── PROVIDED RECORDS ──
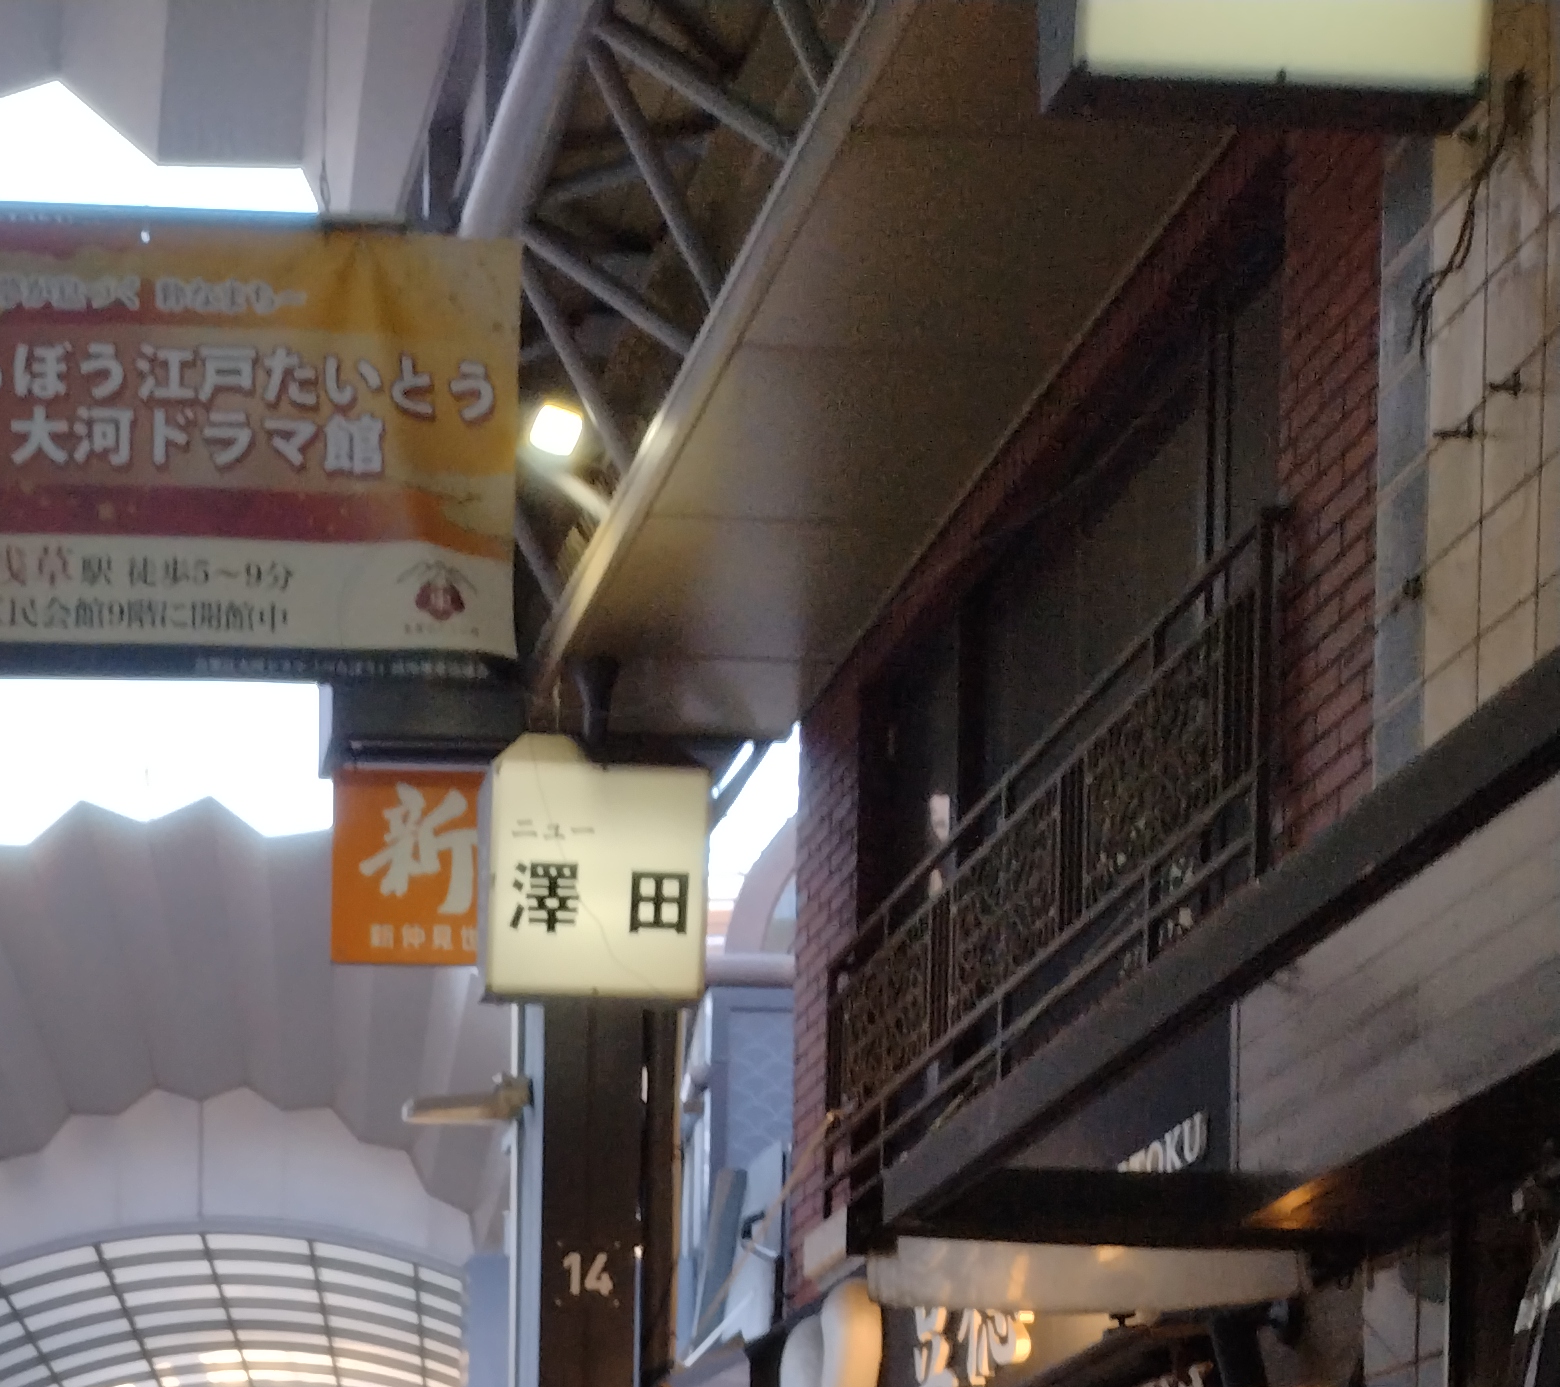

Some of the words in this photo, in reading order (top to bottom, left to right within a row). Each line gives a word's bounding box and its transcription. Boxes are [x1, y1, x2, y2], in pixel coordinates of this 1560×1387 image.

[10, 404, 384, 474] 大河ドラマ館
[358, 781, 477, 916] 新
[509, 861, 690, 936] 澤田
[562, 1251, 614, 1297] 14
───
PROBLEM = Where pictures appear, skip them and transcribe all other material word for word.

ANSWER TO THIS EXERCISE =
Some of the words in this photo, in reading order (top to bottom, left to right within a row). Each line gives a word's bounding box and its transcription. Boxes are [x1, y1, x2, y2], in pixel coordinates of this 1560×1387 image.

[10, 404, 384, 474] 大河ドラマ館
[358, 781, 477, 916] 新
[509, 861, 690, 936] 澤田
[562, 1251, 614, 1297] 14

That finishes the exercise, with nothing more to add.